他在我周围游走了几圈,突然隔着病号服抹了一把我手臂上的血:“你受伤了。
”说完,把我的袖子撩高,顺势低下头舔我的伤口。
这些天来,我已经大致领教过他的习惯与思维,知道他对于人情世故所知甚少,基本上没个人样了,所以他做出什么事情来,我都不会像从前那样诧异。
但是看着他蹲在地上认真地舔我,还时不时抬头与我是四目相交的样子,还是觉得害怕。
简单来说,如果一个人对另一个人作出这种事情,我首先会想到的是下流淫肆,但是我室友的眼神虽然深邃,却没有故意的遮掩,使得他做这种事,看上去只是和吃饭走路一样,只是本能。
我越发不敢去揣测他到底是什么东西了。
被他舔一通,火辣辣的痛感就消失了,但我还是在室友的坚持下,做了一下简单包扎。
后来我说要出院回学校,不想呆了,我室友就跟我回了一趟住院部拿衣服。
心内科的医生原本想让我做个CT,后来看劝不动,就随我们去了。
我发现我那一层的病床基本上全空了,没空的那几个不是在睡觉,就是混混沌沌,视线没有焦距。

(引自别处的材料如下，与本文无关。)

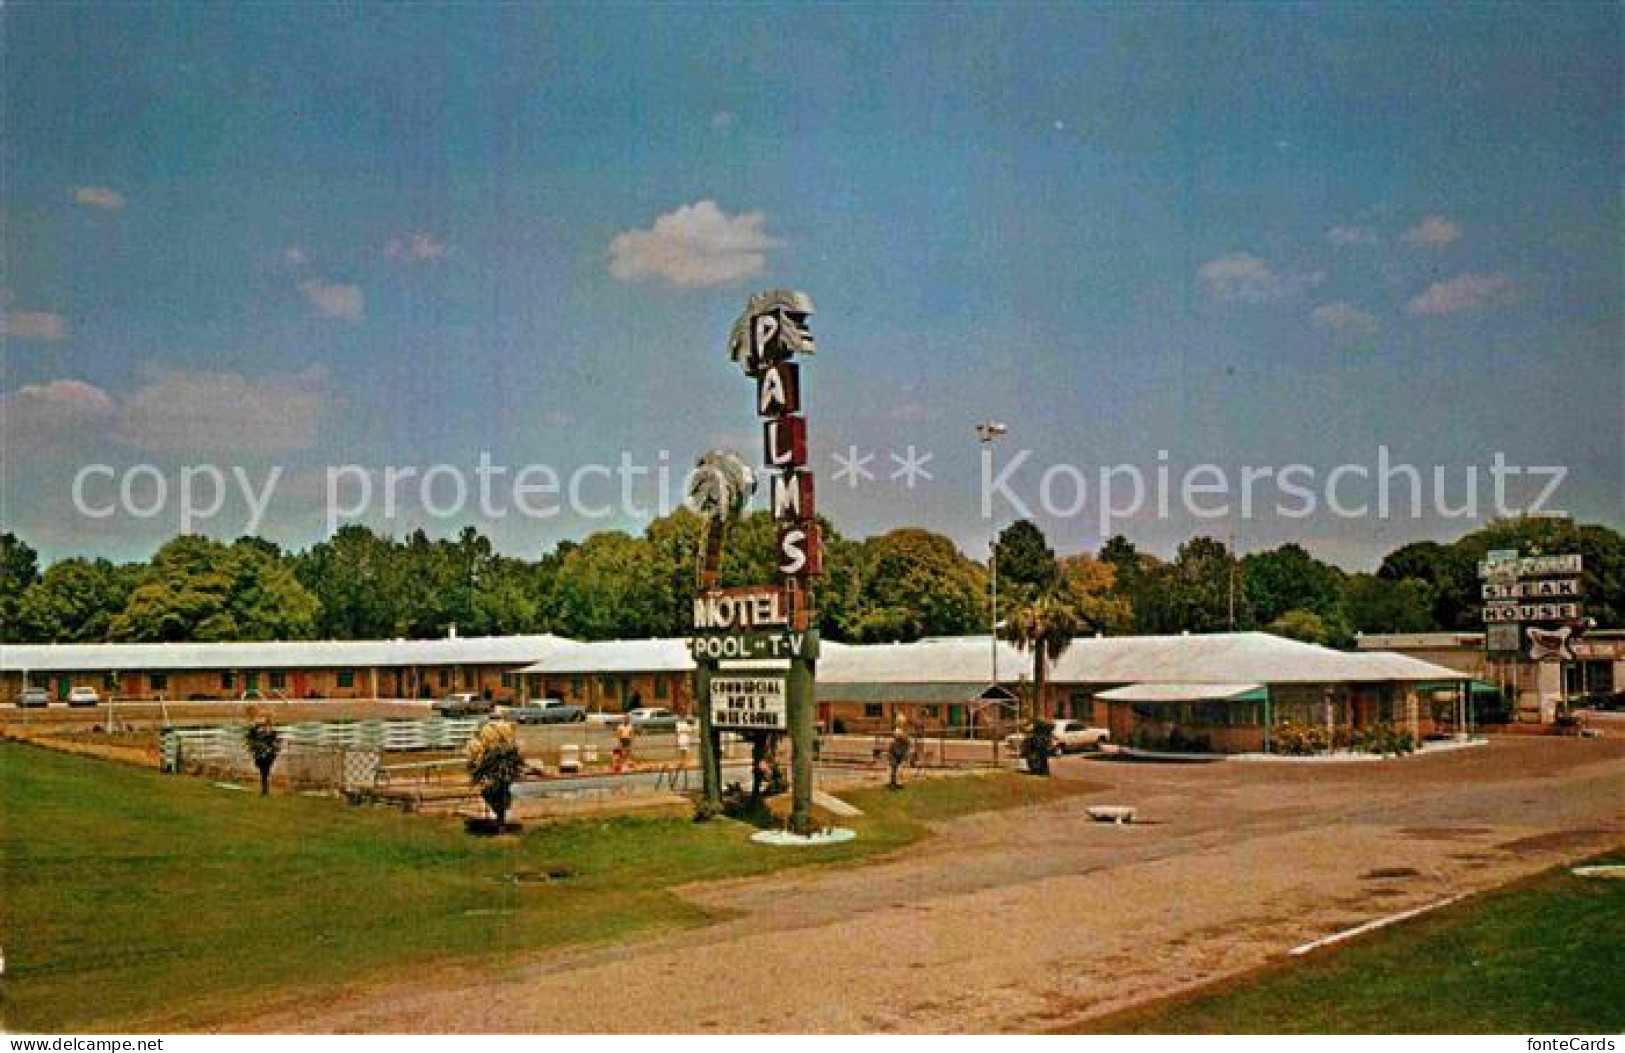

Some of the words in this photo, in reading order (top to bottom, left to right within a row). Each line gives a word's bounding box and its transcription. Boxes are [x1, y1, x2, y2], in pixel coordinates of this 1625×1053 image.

[756, 314, 807, 575] PALMS
[693, 592, 788, 628] MOTEL
[1481, 603, 1575, 620] HOUSE
[695, 634, 753, 658] POOL

我问医生我们学校的同学上哪儿去了,大夫很无奈:“因为发病机制不明,测出来各项指标也正常,有二十几个学生的身体已经恢复得差不多,可以回学校。
只不过他们在没有办理出院手续的情况下出院,给我们的工作带来很大困扰。
” 我感觉到指尖一阵冰冷。
我猜想就是刚才在大厅里围拢我们的人。
当我直视着他们的时候,清楚地认识到他们背后只有一双眼睛,他们的动作、表情、神态都属于同一个人,或者说称呼它为“人”已经不合适了。
我知道我的那些同学已经发生了某些质变,但是不知道那些质变会持续多久。
而现在,他们像是散入大海的水珠一样,消失了。
他们就潜藏在我的身边。
“名单给我。
”我室友突然说。
我一愣,明白了他的用意,有名单我们就知道应该防着哪些同学了。
见医生疑惑的表情,我拦下室友说,“是这样吧,我是校会的,你把这些人的名单给我,我回去与他们做一下沟通,让他们早点回来把手续办完;或者我们内部讨论一下,也许会统一办理。
”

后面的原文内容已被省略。